Tydzień zwyżki na rynku surowców
Miniony tydzień przyniósł na rynek surowców zdecydowane zwyżki. Cena ropy gatunku Brent przebiła silny opór na poziomie 60 dolarów za baryłkę i zdołała wzrosnąć do 61 USD. Za tonę miedzi w kontraktach trzymiesięcznych na Londyńskiej Giełdzie Metali płacono w ostatnich dniach ponad 4,6 tys. dolarów.
26.05.2009 15:15
*Miniony tydzień przyniósł na rynek surowców zdecydowane zwyżki.

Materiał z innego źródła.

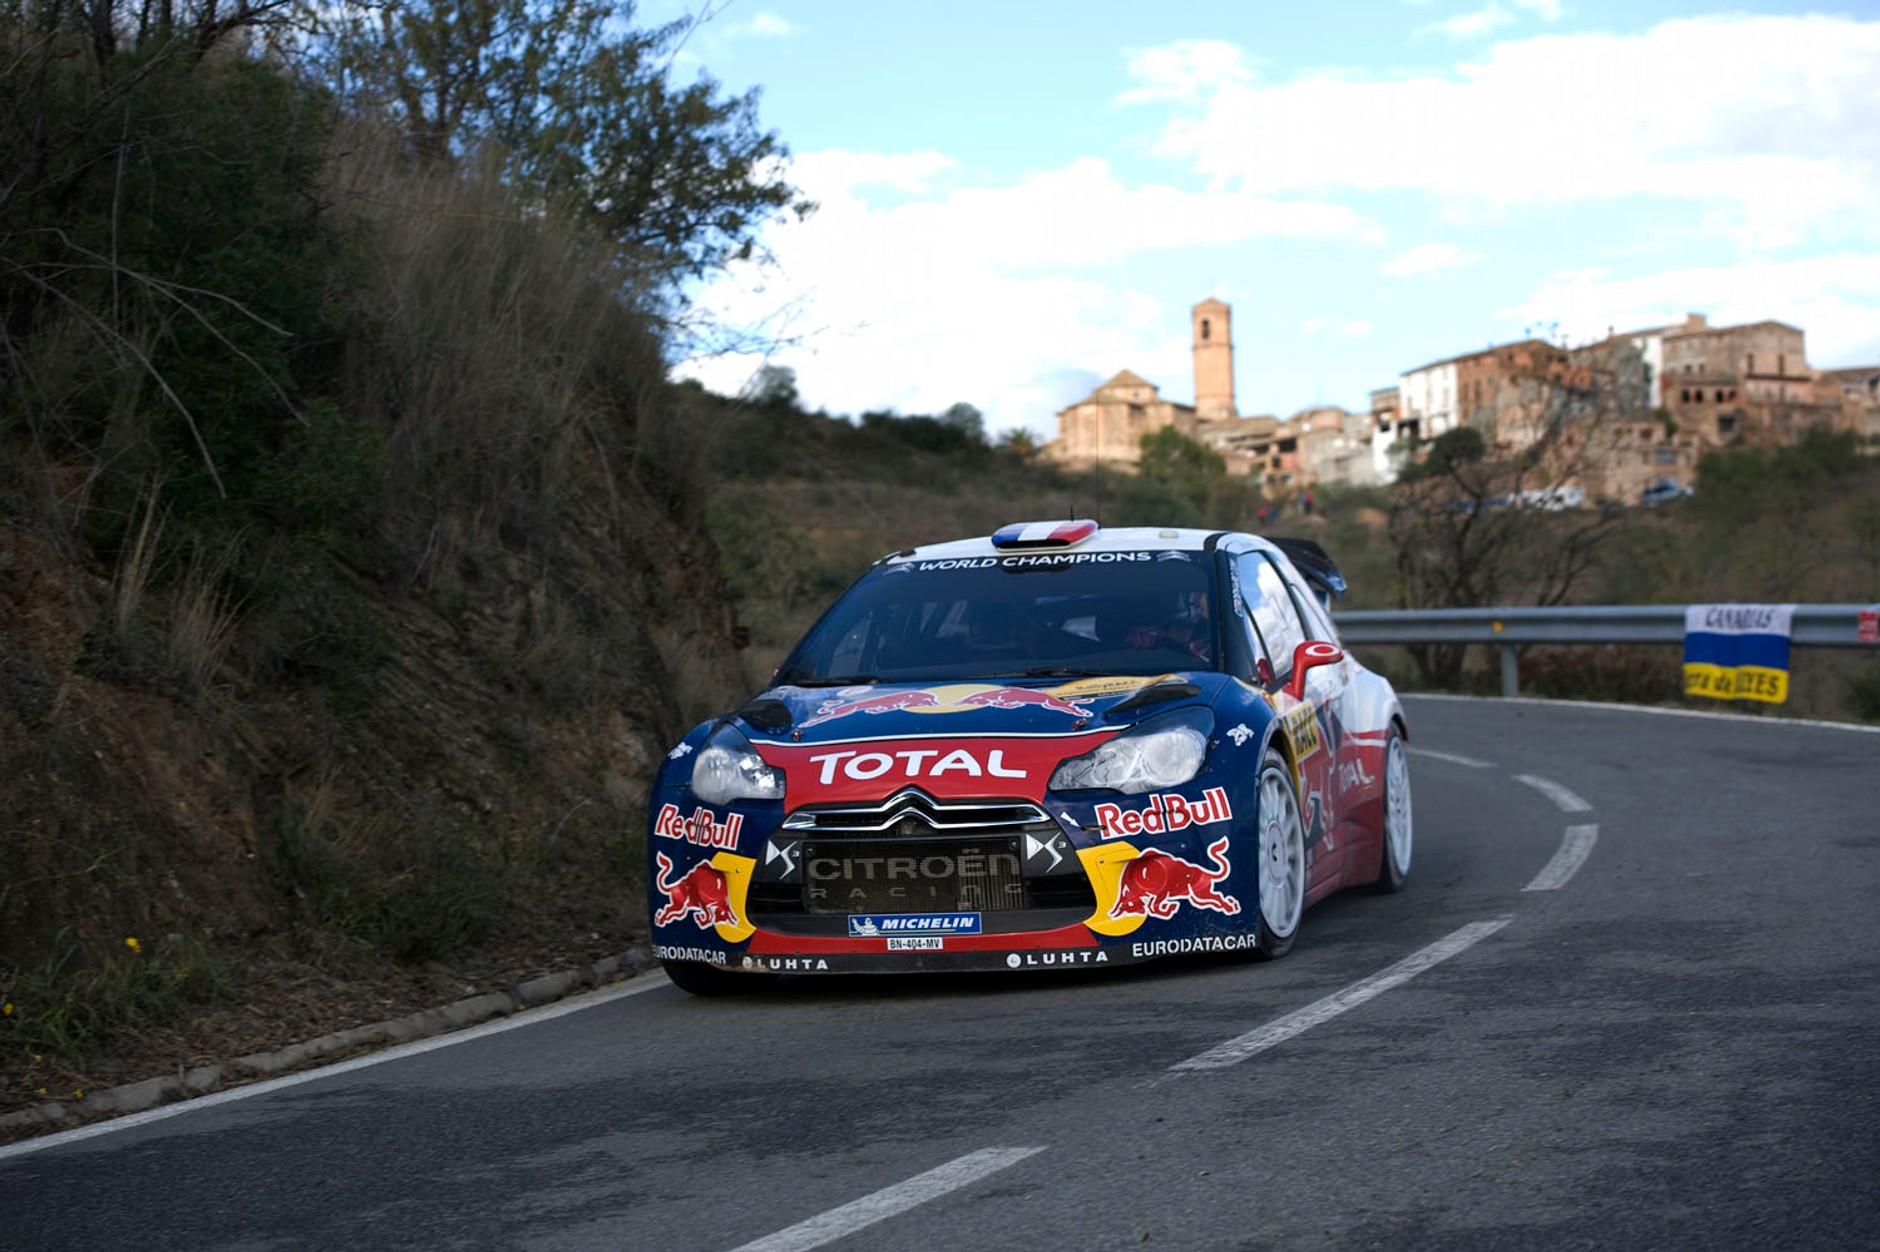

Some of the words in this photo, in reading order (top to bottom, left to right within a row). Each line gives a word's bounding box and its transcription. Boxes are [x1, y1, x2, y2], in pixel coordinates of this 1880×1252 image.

Cena ropy gatunku Brent przebiła silny opór na poziomie 60 dolarów za baryłkę i zdołała wzrosnąć do 61 USD. Za tonę miedzi w kontraktach trzymiesięcznych na Londyńskiej Giełdzie Metali płacono w ostatnich dniach ponad 4,6 tys. dolarów. *
Za wzrostem cen „czarnego złota” stał cały szereg czynników fundamentalnych oraz zdecydowana zwyżka notowań eurodolara. Na fali wzrostu obaw o przyszłość ratingu Stanów Zjednoczonych, amerykańska waluta osłabiła się w ubiegłym tygodniu względem euro w okolice poziomu 1,4050. Niepokój wśród inwestorów wywołała obniżka perspektyw ratingu dla Wielkiej Brytanii, uznawanej za bliźniaczy kraj USA. Agencja Standard & Poor’s zrewidowała perspektywę oceny brytyjskiego długu do „negatywnej”, co oznacza, iż sam rating tego kraju jest zagrożony degradacją.

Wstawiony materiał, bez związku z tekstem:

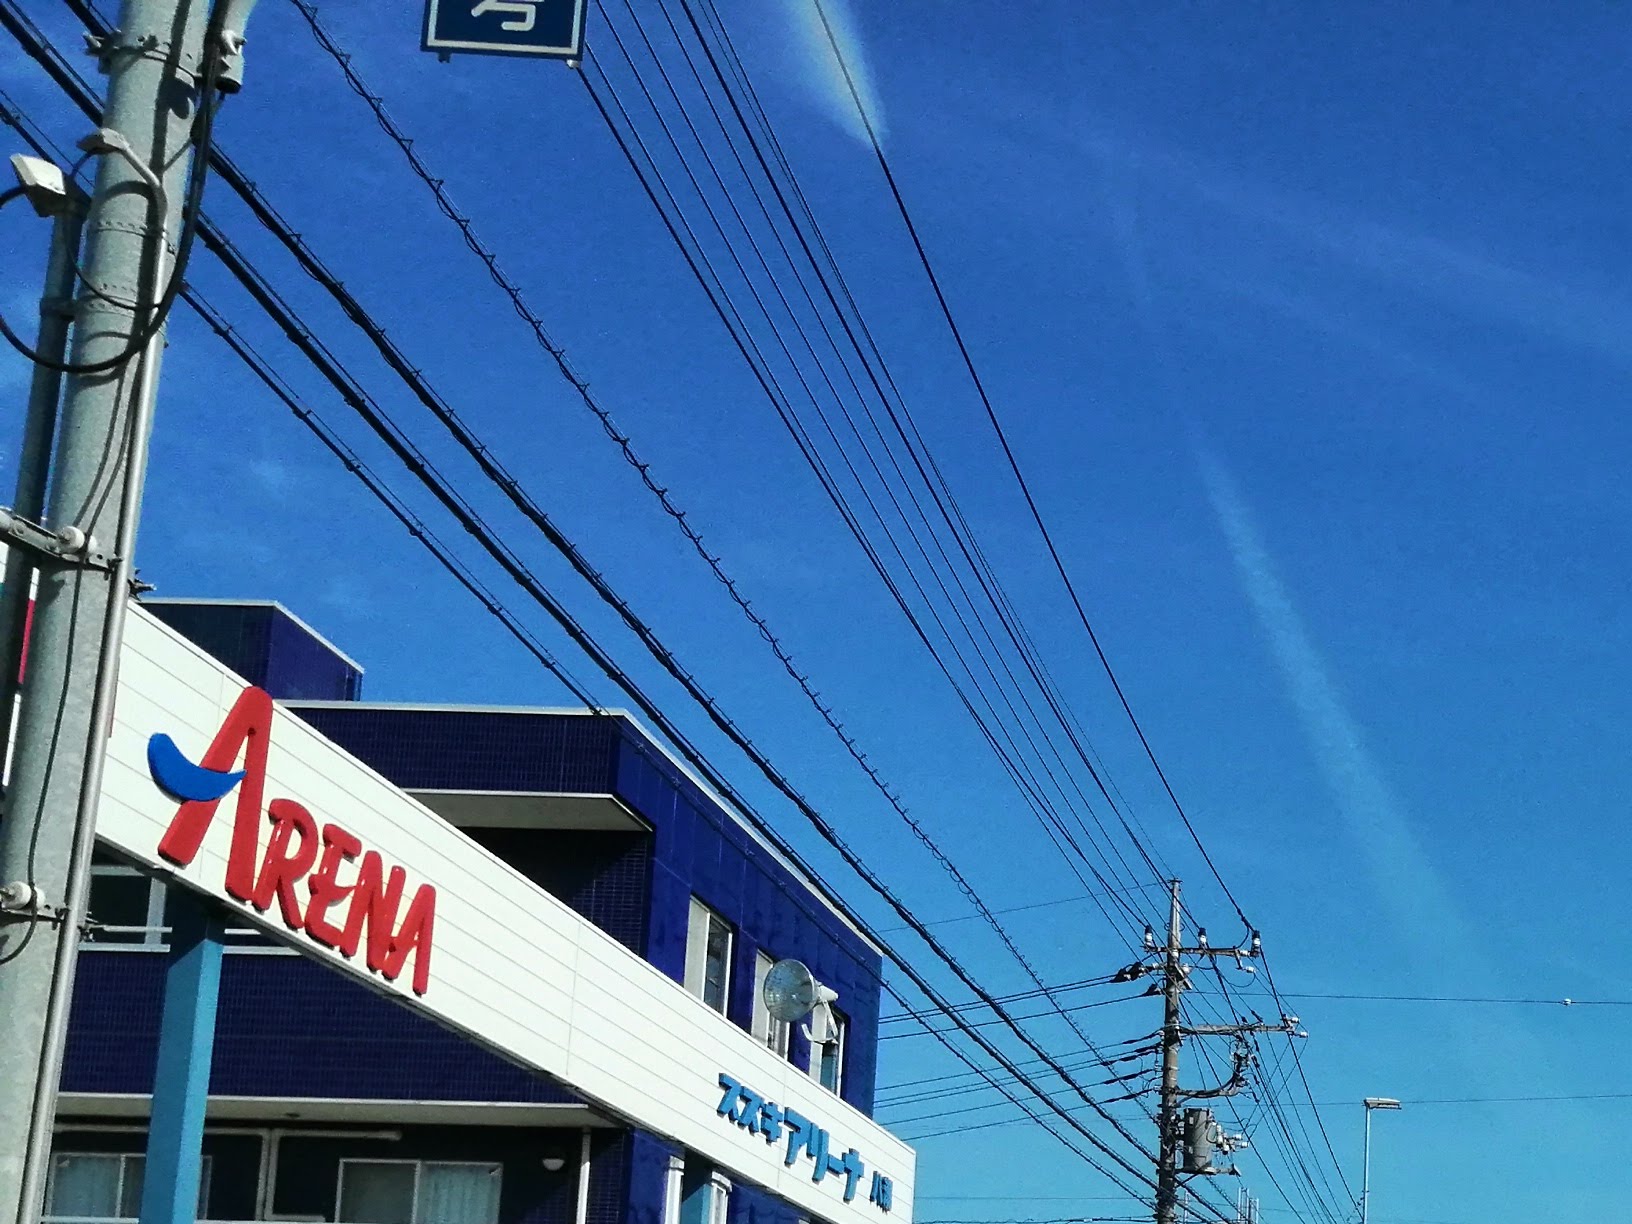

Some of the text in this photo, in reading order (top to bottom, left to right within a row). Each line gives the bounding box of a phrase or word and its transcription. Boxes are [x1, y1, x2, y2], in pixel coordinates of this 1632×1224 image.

[148, 686, 436, 996] ARENA
[716, 1073, 865, 1204] スズキアリーナ

Bardzo duży wpływ na ceny ropy naftowej miały również obawy związane z podażą surowca. Na początku zeszłego tygodnia grupa nigeryjskich bojowników poinformowała, iż będzie blokować kluczowe szlaki wodne w delcie Nigru w celu zmniejszenia eksportu ropy z kraju. W ostatni poniedziałek z kolei na rynek dotarły doniesienia o ataku bojówkarzy na dwa główne rurociągi. Również ze Stanów Zjednoczonych w ciągu tygodnia napłynęły niepokojące wiadomości. W jednej z tamtejszych rafinerii na skutek wybuchu miał miejsce pożar, co w krótkim terminie może ograniczyć podaż surowca w tym rejonie. Ponadto według prognoz meteorologicznych burze u wybrzeży Florydy mogą przekształcić się w cyklon, który z kolei stworzyłby poważne zagrożenie dla instalacji wydobywczych u wybrzeży Zatoki Meksykańskiej. Wiadomości te w połączeniu z informacjami o spadku zapasów ropy naftowej w USA oraz wzroście popytu na surowiec w Chinach, stworzyły sprzyjające warunki do pokonania oporu usytuowanego na poziomie 60 dolarów za baryłkę. Jak podała w
zeszłą środę amerykańska agencja rządowa, monitorowane tygodniowo zapasy „czarnego złota” spadły w USA spadły o 2,1 mln baryłek, podczas gdy oczekiwano spadku trzykrotnie mniejszego, bo o 700 tys. baryłek. Pod koniec tygodnia z Chin napłynęły dane o popycie na ropę, który wzrósł w kwietniu o 3,9% r/r, co stanowi pierwszą zwyżkę od października zeszłego roku. Chiny, po Stanach Zjednoczonych, są drugim światowym konsumentem tego surowca.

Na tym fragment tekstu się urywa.